START Input material

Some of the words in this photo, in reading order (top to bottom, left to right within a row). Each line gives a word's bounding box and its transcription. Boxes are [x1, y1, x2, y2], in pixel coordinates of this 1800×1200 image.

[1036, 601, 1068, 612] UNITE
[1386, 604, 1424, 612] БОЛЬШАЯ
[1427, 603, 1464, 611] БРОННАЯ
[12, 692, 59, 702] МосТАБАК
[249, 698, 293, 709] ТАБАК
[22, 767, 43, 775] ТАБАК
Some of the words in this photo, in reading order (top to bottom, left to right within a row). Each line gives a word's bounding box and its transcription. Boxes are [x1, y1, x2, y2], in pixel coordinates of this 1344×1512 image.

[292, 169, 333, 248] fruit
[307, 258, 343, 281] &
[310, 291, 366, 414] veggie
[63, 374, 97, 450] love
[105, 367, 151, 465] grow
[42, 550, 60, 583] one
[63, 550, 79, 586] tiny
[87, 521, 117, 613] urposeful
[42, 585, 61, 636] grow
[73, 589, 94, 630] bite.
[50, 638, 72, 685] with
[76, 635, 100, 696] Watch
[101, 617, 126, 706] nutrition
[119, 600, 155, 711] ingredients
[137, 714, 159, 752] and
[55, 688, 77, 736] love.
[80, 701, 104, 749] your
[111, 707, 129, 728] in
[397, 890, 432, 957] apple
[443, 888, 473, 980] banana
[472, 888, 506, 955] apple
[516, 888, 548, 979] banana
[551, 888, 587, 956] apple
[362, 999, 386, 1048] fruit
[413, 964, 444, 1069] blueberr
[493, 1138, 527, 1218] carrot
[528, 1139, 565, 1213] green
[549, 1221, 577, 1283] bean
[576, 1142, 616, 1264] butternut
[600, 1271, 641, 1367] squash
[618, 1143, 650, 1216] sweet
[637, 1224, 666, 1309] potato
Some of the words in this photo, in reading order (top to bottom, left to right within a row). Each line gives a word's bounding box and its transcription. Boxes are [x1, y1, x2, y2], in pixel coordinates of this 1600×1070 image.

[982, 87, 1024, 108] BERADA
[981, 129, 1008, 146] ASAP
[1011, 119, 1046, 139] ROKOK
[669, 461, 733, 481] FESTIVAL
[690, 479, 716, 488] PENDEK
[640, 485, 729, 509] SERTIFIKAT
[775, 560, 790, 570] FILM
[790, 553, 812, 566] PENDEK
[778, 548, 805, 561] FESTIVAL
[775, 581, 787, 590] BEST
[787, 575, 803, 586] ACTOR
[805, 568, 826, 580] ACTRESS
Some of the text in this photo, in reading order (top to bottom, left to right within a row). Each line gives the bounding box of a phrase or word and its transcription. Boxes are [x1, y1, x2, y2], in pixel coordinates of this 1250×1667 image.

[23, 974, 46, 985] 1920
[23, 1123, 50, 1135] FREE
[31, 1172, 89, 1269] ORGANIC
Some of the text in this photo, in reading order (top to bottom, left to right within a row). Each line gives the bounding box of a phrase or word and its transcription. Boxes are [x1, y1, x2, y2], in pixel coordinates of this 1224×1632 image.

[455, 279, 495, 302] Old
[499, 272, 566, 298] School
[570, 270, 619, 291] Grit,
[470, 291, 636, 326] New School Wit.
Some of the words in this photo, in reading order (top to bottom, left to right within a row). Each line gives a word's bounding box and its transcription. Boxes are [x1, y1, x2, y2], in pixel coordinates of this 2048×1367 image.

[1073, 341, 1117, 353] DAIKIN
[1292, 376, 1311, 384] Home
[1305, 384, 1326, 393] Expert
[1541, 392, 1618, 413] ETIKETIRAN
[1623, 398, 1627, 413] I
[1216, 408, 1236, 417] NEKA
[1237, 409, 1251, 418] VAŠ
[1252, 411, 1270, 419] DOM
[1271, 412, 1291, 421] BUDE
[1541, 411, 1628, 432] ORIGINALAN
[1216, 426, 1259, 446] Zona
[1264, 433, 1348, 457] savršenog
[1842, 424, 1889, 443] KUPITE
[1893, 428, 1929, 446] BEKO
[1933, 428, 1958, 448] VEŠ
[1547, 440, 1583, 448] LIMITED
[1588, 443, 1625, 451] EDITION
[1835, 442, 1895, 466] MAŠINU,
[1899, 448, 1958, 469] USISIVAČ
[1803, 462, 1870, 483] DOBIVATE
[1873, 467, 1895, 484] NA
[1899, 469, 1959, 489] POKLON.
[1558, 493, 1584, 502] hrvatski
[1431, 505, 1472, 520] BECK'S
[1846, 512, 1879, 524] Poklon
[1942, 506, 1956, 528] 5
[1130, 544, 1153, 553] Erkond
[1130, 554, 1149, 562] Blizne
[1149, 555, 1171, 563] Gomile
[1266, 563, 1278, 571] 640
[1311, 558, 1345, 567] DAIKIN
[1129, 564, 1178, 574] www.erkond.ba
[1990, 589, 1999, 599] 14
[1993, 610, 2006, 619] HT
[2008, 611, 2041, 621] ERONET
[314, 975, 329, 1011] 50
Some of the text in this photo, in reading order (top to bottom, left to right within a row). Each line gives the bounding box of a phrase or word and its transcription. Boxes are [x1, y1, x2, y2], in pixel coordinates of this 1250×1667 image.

END Input material

However many lines the data holds, return each one exactly.

Answer section:
Some of the words in this photo, in reading order (top to bottom, left to right within a row). Each line gives a word's bounding box and its transcription. Boxes are [x1, y1, x2, y2], in pixel coordinates of this 1800×1200 image.

[1036, 601, 1068, 612] UNITE
[1386, 604, 1424, 612] БОЛЬШАЯ
[1427, 603, 1464, 611] БРОННАЯ
[12, 692, 59, 702] МосТАБАК
[249, 698, 293, 709] ТАБАК
[22, 767, 43, 775] ТАБАК
Some of the words in this photo, in reading order (top to bottom, left to right within a row). Each line gives a word's bounding box and its transcription. Boxes are [x1, y1, x2, y2], in pixel coordinates of this 1344×1512 image.

[292, 169, 333, 248] fruit
[307, 258, 343, 281] &
[310, 291, 366, 414] veggie
[63, 374, 97, 450] love
[105, 367, 151, 465] grow
[42, 550, 60, 583] one
[63, 550, 79, 586] tiny
[87, 521, 117, 613] urposeful
[42, 585, 61, 636] grow
[73, 589, 94, 630] bite.
[50, 638, 72, 685] with
[76, 635, 100, 696] Watch
[101, 617, 126, 706] nutrition
[119, 600, 155, 711] ingredients
[137, 714, 159, 752] and
[55, 688, 77, 736] love.
[80, 701, 104, 749] your
[111, 707, 129, 728] in
[397, 890, 432, 957] apple
[443, 888, 473, 980] banana
[472, 888, 506, 955] apple
[516, 888, 548, 979] banana
[551, 888, 587, 956] apple
[362, 999, 386, 1048] fruit
[413, 964, 444, 1069] blueberr
[493, 1138, 527, 1218] carrot
[528, 1139, 565, 1213] green
[549, 1221, 577, 1283] bean
[576, 1142, 616, 1264] butternut
[600, 1271, 641, 1367] squash
[618, 1143, 650, 1216] sweet
[637, 1224, 666, 1309] potato
Some of the words in this photo, in reading order (top to bottom, left to right within a row). Each line gives a word's bounding box and its transcription. Boxes are [x1, y1, x2, y2], in pixel coordinates of this 1600×1070 image.

[982, 87, 1024, 108] BERADA
[981, 129, 1008, 146] ASAP
[1011, 119, 1046, 139] ROKOK
[669, 461, 733, 481] FESTIVAL
[690, 479, 716, 488] PENDEK
[640, 485, 729, 509] SERTIFIKAT
[775, 560, 790, 570] FILM
[790, 553, 812, 566] PENDEK
[778, 548, 805, 561] FESTIVAL
[775, 581, 787, 590] BEST
[787, 575, 803, 586] ACTOR
[805, 568, 826, 580] ACTRESS
Some of the text in this photo, in reading order (top to bottom, left to right within a row). Each line gives the bounding box of a phrase or word and its transcription. Boxes are [x1, y1, x2, y2], in pixel coordinates of this 1250×1667 image.

[23, 974, 46, 985] 1920
[23, 1123, 50, 1135] FREE
[31, 1172, 89, 1269] ORGANIC
Some of the text in this photo, in reading order (top to bottom, left to right within a row). Each line gives the bounding box of a phrase or word and its transcription. Boxes are [x1, y1, x2, y2], in pixel coordinates of this 1224×1632 image.

[455, 279, 495, 302] Old
[499, 272, 566, 298] School
[570, 270, 619, 291] Grit,
[470, 291, 636, 326] New School Wit.
Some of the words in this photo, in reading order (top to bottom, left to right within a row). Each line gives a word's bounding box and its transcription. Boxes are [x1, y1, x2, y2], in pixel coordinates of this 2048×1367 image.

[1073, 341, 1117, 353] DAIKIN
[1292, 376, 1311, 384] Home
[1305, 384, 1326, 393] Expert
[1541, 392, 1618, 413] ETIKETIRAN
[1623, 398, 1627, 413] I
[1216, 408, 1236, 417] NEKA
[1237, 409, 1251, 418] VAŠ
[1252, 411, 1270, 419] DOM
[1271, 412, 1291, 421] BUDE
[1541, 411, 1628, 432] ORIGINALAN
[1216, 426, 1259, 446] Zona
[1264, 433, 1348, 457] savršenog
[1842, 424, 1889, 443] KUPITE
[1893, 428, 1929, 446] BEKO
[1933, 428, 1958, 448] VEŠ
[1547, 440, 1583, 448] LIMITED
[1588, 443, 1625, 451] EDITION
[1835, 442, 1895, 466] MAŠINU,
[1899, 448, 1958, 469] USISIVAČ
[1803, 462, 1870, 483] DOBIVATE
[1873, 467, 1895, 484] NA
[1899, 469, 1959, 489] POKLON.
[1558, 493, 1584, 502] hrvatski
[1431, 505, 1472, 520] BECK'S
[1846, 512, 1879, 524] Poklon
[1942, 506, 1956, 528] 5
[1130, 544, 1153, 553] Erkond
[1130, 554, 1149, 562] Blizne
[1149, 555, 1171, 563] Gomile
[1266, 563, 1278, 571] 640
[1311, 558, 1345, 567] DAIKIN
[1129, 564, 1178, 574] www.erkond.ba
[1990, 589, 1999, 599] 14
[1993, 610, 2006, 619] HT
[2008, 611, 2041, 621] ERONET
[314, 975, 329, 1011] 50
Some of the text in this photo, in reading order (top to bottom, left to right within a row). Each line gives the bounding box of a phrase or word and its transcription. Boxes are [x1, y1, x2, y2], in pixel coordinates of this 1250×1667 image.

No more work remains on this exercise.